Salomon Kalonda Idi Della
Salomon Kalonda Idi Della

Le sénateur congolais Salomon Kalonda Idi Della a livré un discours particulièrement offensif ce vendredi devant le Parlement éthiopien, à l'occasion du Forum parlementaire sur le renseignement et la sécurité, consacré à l'intégrité électorale et à la démocratie en Afrique. Prenant la RDC comme exemple central de son propos, l'élu du Haut-Katanga a affirmé qu'un « processus de changement constitutionnel » en cours dans le pays viserait à permettre au Président actuel un troisième mandat, qu'il juge non conforme à la Constitution.

Le sénateur a décrit une répression des mobilisations citoyennes contre cette réforme : « L'opposition et la société civile se sont levées. Les citoyens sont descendus dans les rues... Des manifestants ont été tués.

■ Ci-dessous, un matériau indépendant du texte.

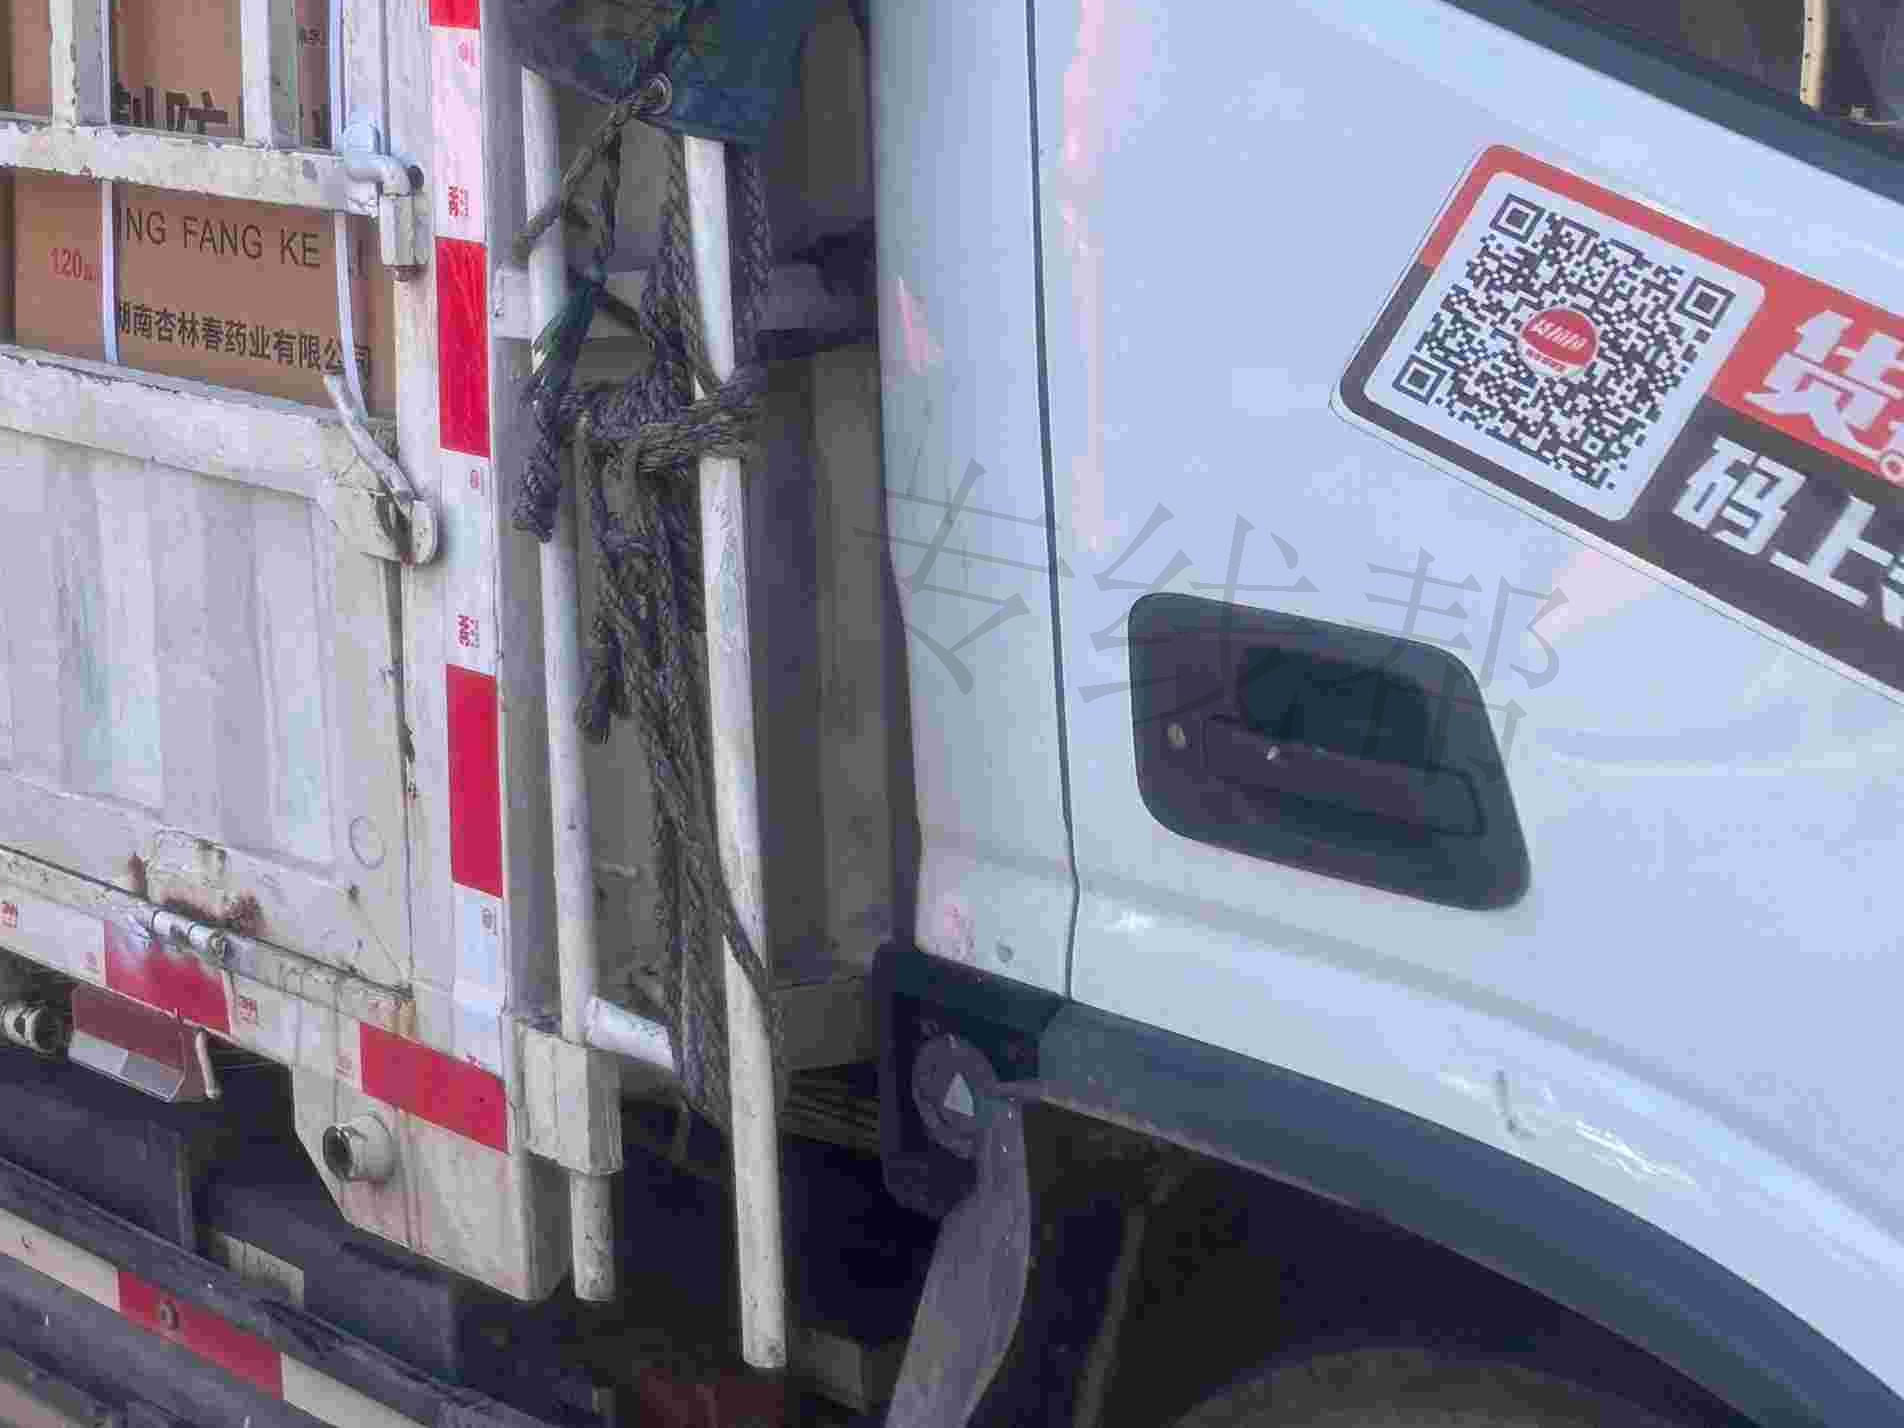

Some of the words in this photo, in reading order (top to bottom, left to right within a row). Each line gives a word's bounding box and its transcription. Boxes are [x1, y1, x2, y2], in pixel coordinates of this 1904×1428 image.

[183, 215, 263, 260] FANG
[280, 227, 321, 269] KE
[1673, 435, 1904, 630] 码上
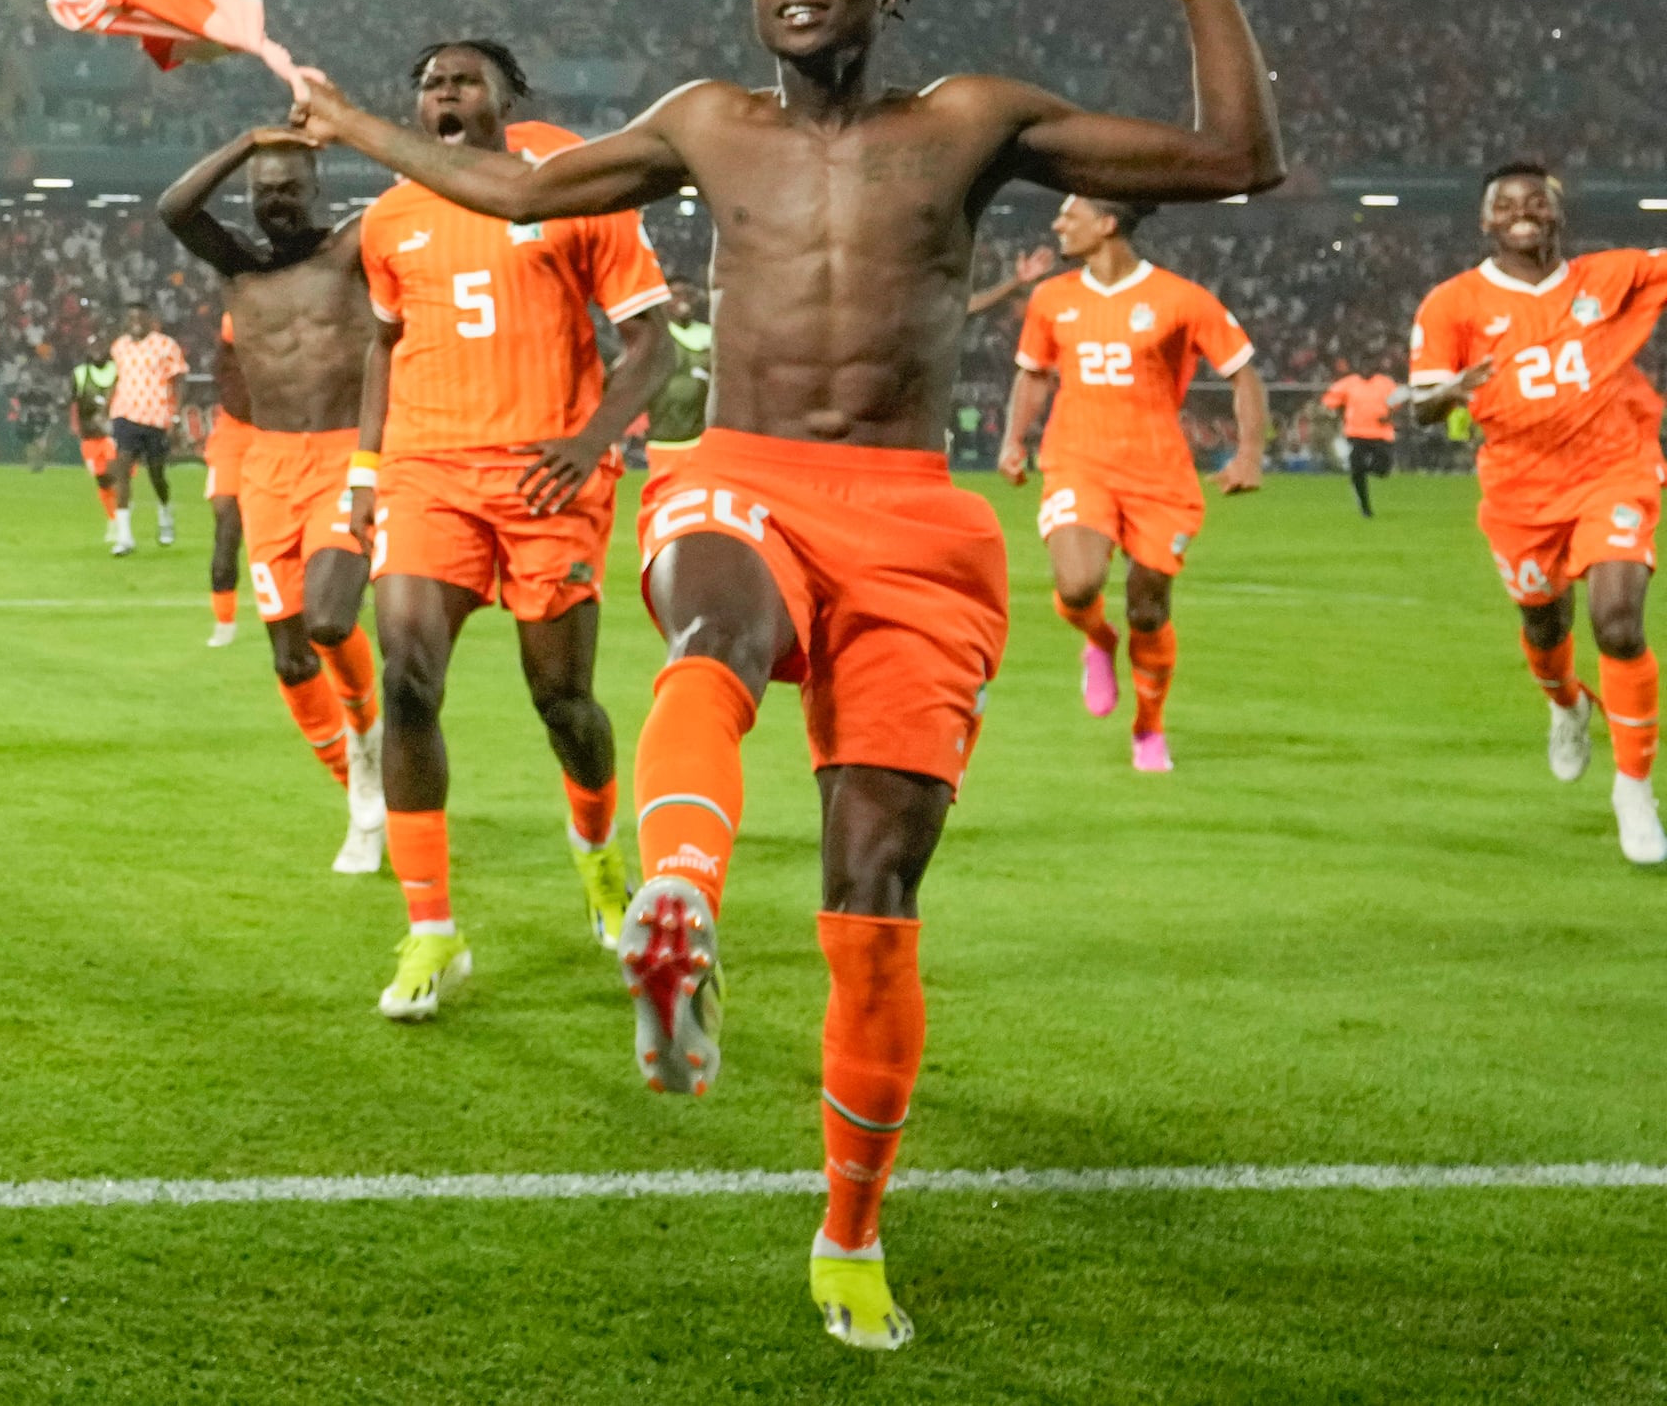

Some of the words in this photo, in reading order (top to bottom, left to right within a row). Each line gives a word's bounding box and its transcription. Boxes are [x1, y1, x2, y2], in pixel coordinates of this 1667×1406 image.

[452, 269, 496, 339] 5
[1076, 341, 1134, 387] 22
[1514, 340, 1591, 400] 24

Du sang a encore coulé sur le sol congolais. » Il a dénoncé le silence des partenaires internationaux face à cette situation, qu'il a qualifié de « complicité » plutôt que de neutralité.

Développant une distinction entre deux formes de prise de pouvoir illégitime, il a opposé le « coup d'État militaire », condamné et sanctionné, au « coup d'État constitutionnel », plus sournois selon lui, car drapé dans une apparence de légalité, référendum sur mesure, magistrats acquis à la cause du pouvoir. « Il n'y a pas de mauvais coups d'État d'un côté, de bons coups d'État de l'autre », a-t-il martelé, appelant à mettre fin à cette asymétrie de traitement international.

Le sénateur a également pointé d'autres dérives structurelles minant les scrutins africains : l'absence d'indépendance des commissions électorales, l'invalidation ciblée de candidats populaires par des juridictions électorales instrumentalisées, ainsi que les coupures d'internet lors des proclamations de résultats, qu'il a qualifiées d'« aveu » de défiance du pouvoir envers ses propres résultats.

Il a formulé quatre propositions pour renforcer l'intégrité électorale sur le continent : la création d'une cellule africaine permanente de veille électorale, l'investissement dans une souveraineté numérique électorale africaine, le renforcement de la confiance par des audits transparents et inclusifs, ainsi que la mise en place d'un protocole parlementaire d'observation pré-électorale couvrant l'ensemble du processus, de l'enregistrement des électeurs jusqu'à la proclamation des résultats. Il a conclu en évoquant également le secteur minier congolais, estimant que l'absence de démocratie effective désavantage les partenaires économiques occidentaux face à une concurrence qui, selon lui, ne joue pas à armes égales.